La mort de Jésus est indissociable de la résurrection. Elle est intégrée et pleinement assumée dans le dessein de Dieu : « Ainsi est-il écrit que le Christ souffrirait ET ressusciterait d’entre les morts le troisième jour » (Lc 24,46).
Jésus donne sa vie librement et le Père répond en exaltant son Fils dans la gloire

Si la souffrance et la mort de Jésus étaient annoncées dans l’Ancien Testament, les disciples savent bien pour autant que Jésus ne les a pas subies mais les a choisies et devancées comme l’institution de l’Eucharistie l’annonçait. Jésus donne sa vie librement (Je suis le bon pasteur ; le bon pasteur donne sa vie pour ses brebis.Jn 10,11),(Jn 10,15), (C'est pour cela que le Père m'aime, parce que je donne ma vie, pour la reprendre. Personne ne me l'enlève ; mais je la donne de moi-même. J'ai pouvoir de la donner et j'ai pouvoir de la reprendre ; tel est le commandement que j'ai reçu de mon Père. Jn 10,17-18) montrant par là la perfection de sa soumission filiale, de son obéissance et de son abandon plénier dans les mains du Père ( Mais vous, vous avez chargé le Saint et le juste. Ac 3,14), (Il s'humilia plus encore, obéissant jusqu'à la mort, et à la mort sur une croix ! Ph 2,8), (Tout Fils qu'il était, apprit, de ce qu'il souffrit, l'obéissance. He 5,8).
La résurrection de Jésus apparaît alors comme la réponse du Père qui exalte son Fils ; elle découle, est méritée par la remise totale de Jésus à son Père comme l’exprime l’épître aux Ephésiens : « Il s’humilia plus encore, obéissant jusqu’à la mort et à la mort sur une croix ! C’EST POURQUOI Dieu l’a exalté » (Ph 2,8-9)
« Sacrifice que le Père a accepté, échangeant le don total de son Fils, qui « s’est fait obéissant jusqu’à la mort », avec son propre don paternel, c’est-à-dire avec le don de la vie nouvelle et immortelle dans la résurrection » Jean Paul II, Redemptor Hominis
Dans l’Evangile selon Saint Jean, la mort et la résurrection sont indissociables ; sur la Croix, Jésus est glorifié.

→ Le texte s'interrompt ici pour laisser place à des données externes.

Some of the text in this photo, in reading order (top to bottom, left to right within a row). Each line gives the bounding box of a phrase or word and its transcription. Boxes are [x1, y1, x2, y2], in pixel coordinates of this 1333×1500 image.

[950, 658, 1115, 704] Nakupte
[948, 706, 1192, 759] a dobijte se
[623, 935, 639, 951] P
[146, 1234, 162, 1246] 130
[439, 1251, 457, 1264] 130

Dans le récit johannique de la Passion, la perspective est très différente. Il s’y cache une théologie développée tout au long de l’Evangile : dans la passion de Jésus, nous avons contemplé sa gloire (Et le Verbe s'est fait chair et il a habité parmi nous, et nous avons contemplé sa gloire, gloire qu'il tient de son Père comme Fils unique, plein de grâce et de vérité. Jn 1,14), comme les annonces de la Croix dans le début de l’Evangile le signifiaient, parlant d’une « élévation » (Comme Moïse éleva le serpent dans le désert, ainsi faut-il que soit élevé le Fils de l'homme, afin que quiconque croit ait par lui la vie éternelle. Jn 3,14), (Jésus leur dit donc : " Quand vous aurez élevé le Fils de l'homme, alors vous saurez que Je Suis et que je ne fais rien de moi-même, mais je dis ce que le Père m'a enseigné. " Jn 8,28), (Et moi, une fois élevé de terre, j'attirerai tous les hommes à moi. Jn 12,32)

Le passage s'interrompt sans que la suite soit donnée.